Earwig giró una esquina y casi chocó con un grupo de felinos de aspecto demencial, contrahecho. Las criaturas eran interesantes, no cabía duda; el hombrecillo consideró la posibilidad de acercarse y presentarse ante ellas, cuando recordó que tomaba parte en una Misión Muy Importante. Por consiguiente, retrocedió a toda prisa y se deslizó, con la agilidad propia de su raza, al abrigo de las sombras, para evitar que los gatos sintieran el impulso irresistible de charlar con él y desatendieran sus obligaciones.
Un estruendo lo obligó a mirar en derredor con curiosidad. Era un carruaje que pasaba frente al kender en medio de traqueteos y sacudidas, propulsado al parecer por sí mismo, puesto que Earwig no vio animal o cosa alguna que tirara de él.
—¡Caramba! Eso sí que es divertido. Lleva mi misma dirección. No creo que les importe transportarme.
Earwig corrió como una exhalación, alcanzó la parte trasera del carruaje y se subió al pescante. Instalado en el improvisado asiento, balanceó las piernas y miró alrededor con una expresión de alegre despreocupación.
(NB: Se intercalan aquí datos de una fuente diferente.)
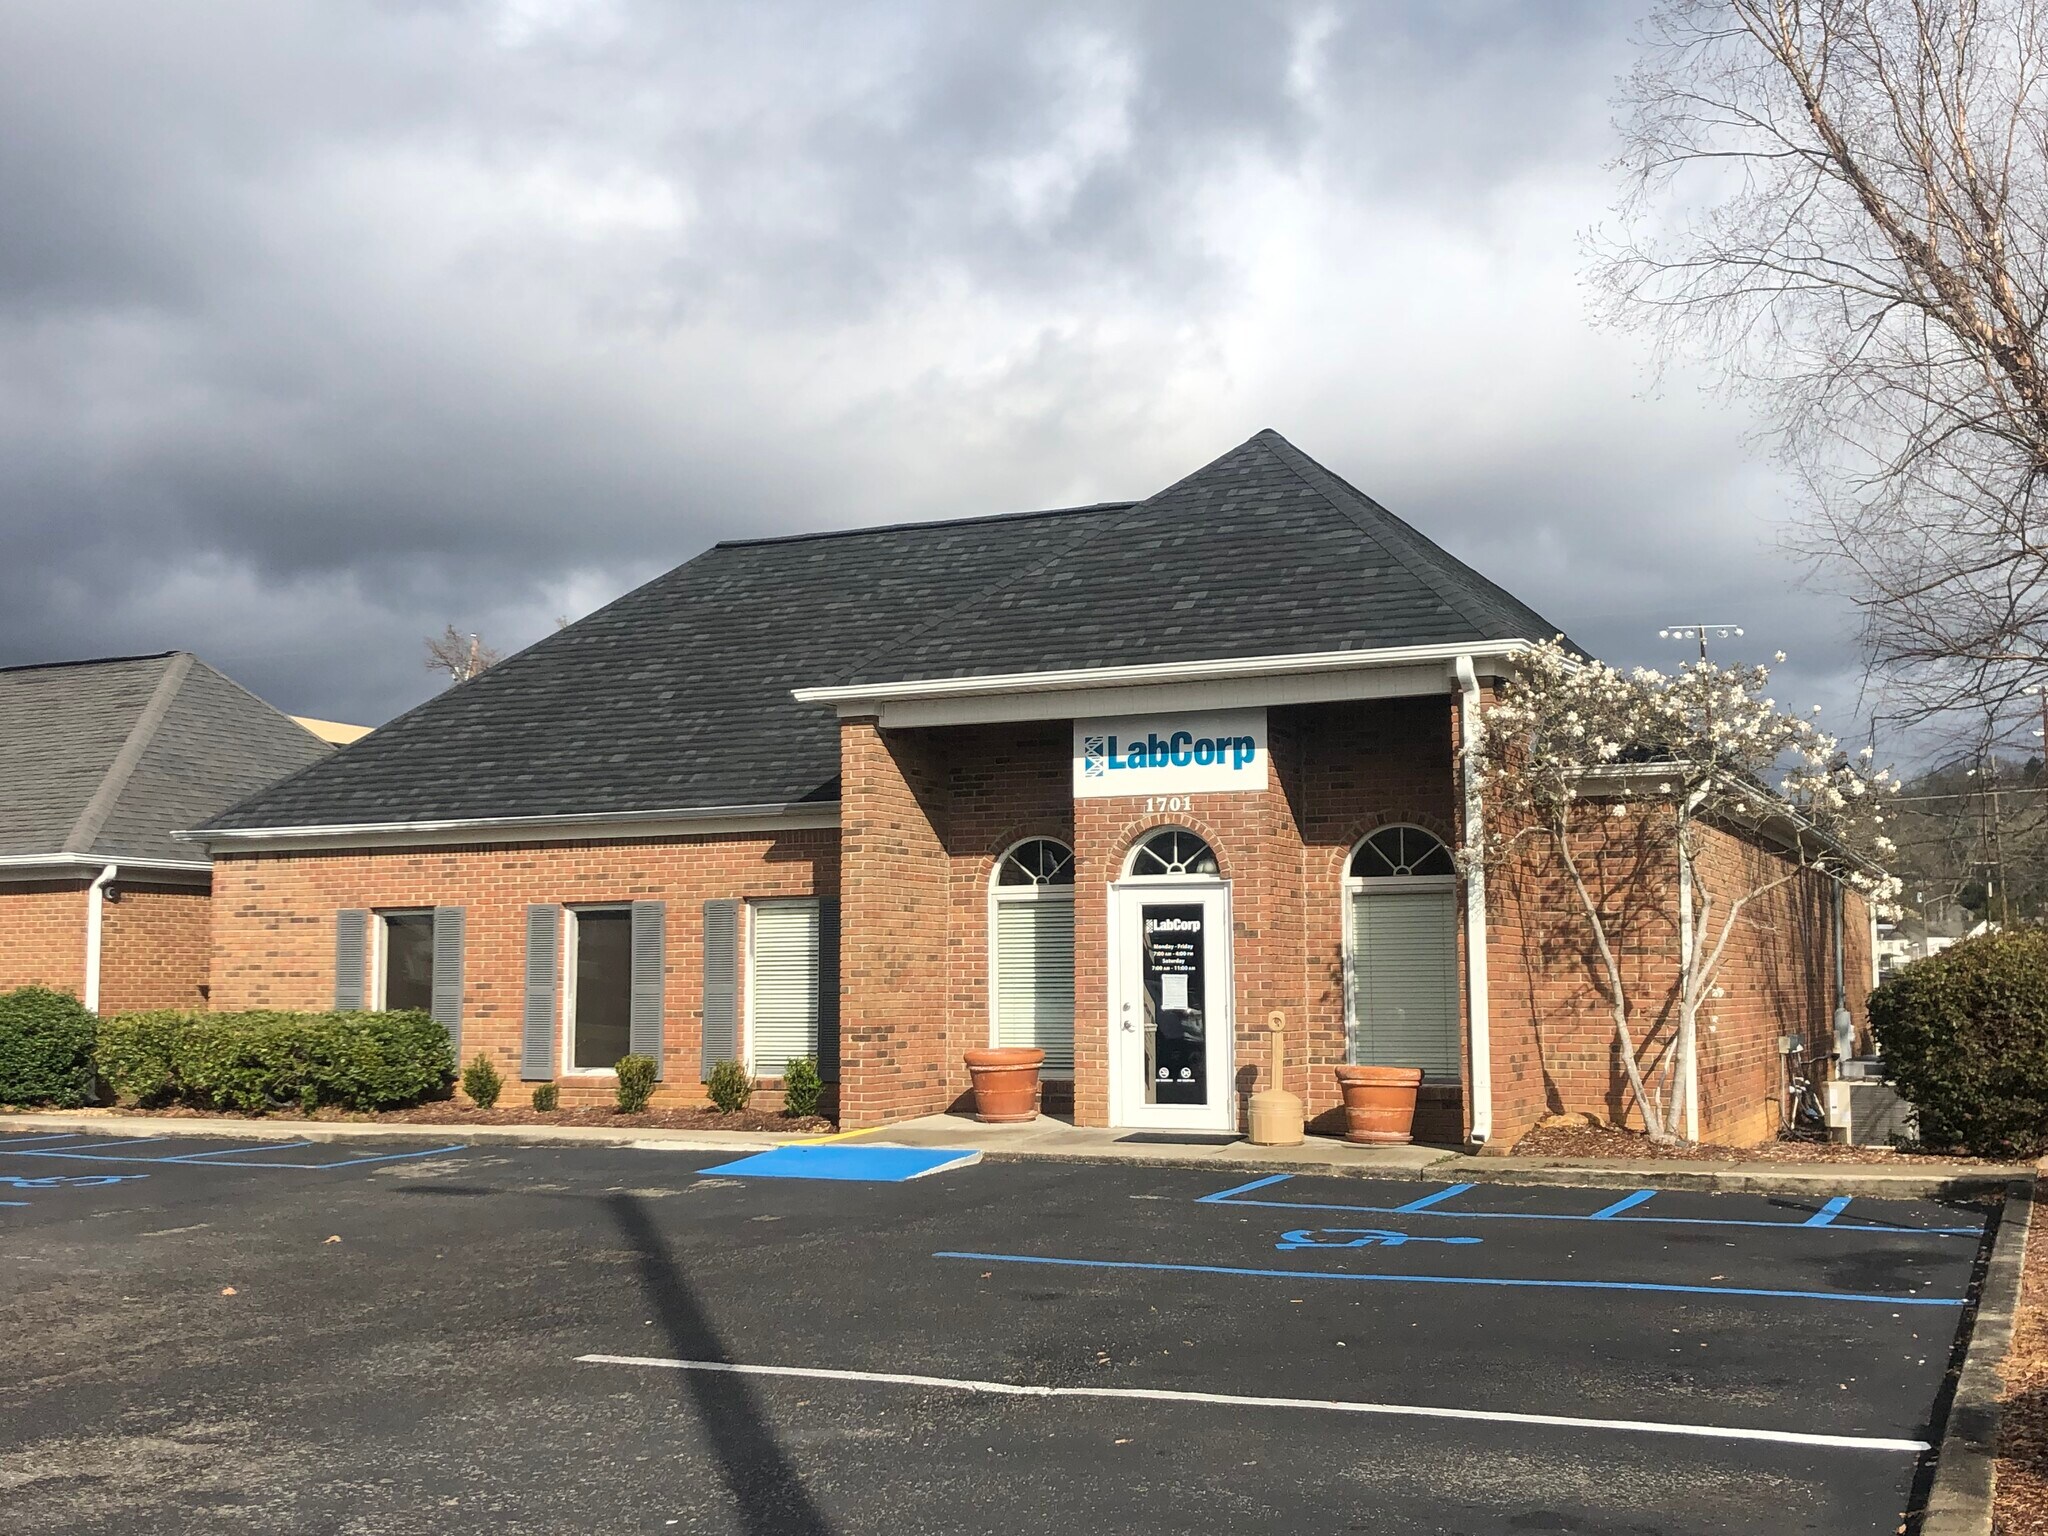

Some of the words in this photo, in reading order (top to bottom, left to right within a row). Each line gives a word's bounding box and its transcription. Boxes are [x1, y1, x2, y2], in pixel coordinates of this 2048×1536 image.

El vehículo mantuvo la alocada marcha; los aros metálicos de las ruedas resonaban contra las losas blancas del pavimento. Reconoció la avenida hacia la que se encaminaba como la calle de la Puerta del Sur. Al llegar al cruce, el carruaje se detuvo. Earwig se bajó de un salto y asomó la cabeza por el costado. Del interior del vehículo, descendieron tres de las extrañas criaturas, se desperezaron con movimientos indolentes y arquearon la espalda al estilo de los gatos. Dos de ellas bebieron de unas botellas que llevaban bajo las guarniciones de cuero. Después, sacudieron la cabeza y esbozaron una mueca.
—Ponche Especial —opinó el kender con comprensiva conmiseración.
Dio un paso adelante con el propósito de preguntar el camino al centro de la ciudad, o incluso si alguno de estos tipos había visto a Caramon, pero, los engendros de gato regresaron al interior del carruaje y, antes de que el kender tuviera oportunidad de instalarse en el pescante, el vehículo arrancó en medio de sacudidas y zarandeos y se perdió calle abajo.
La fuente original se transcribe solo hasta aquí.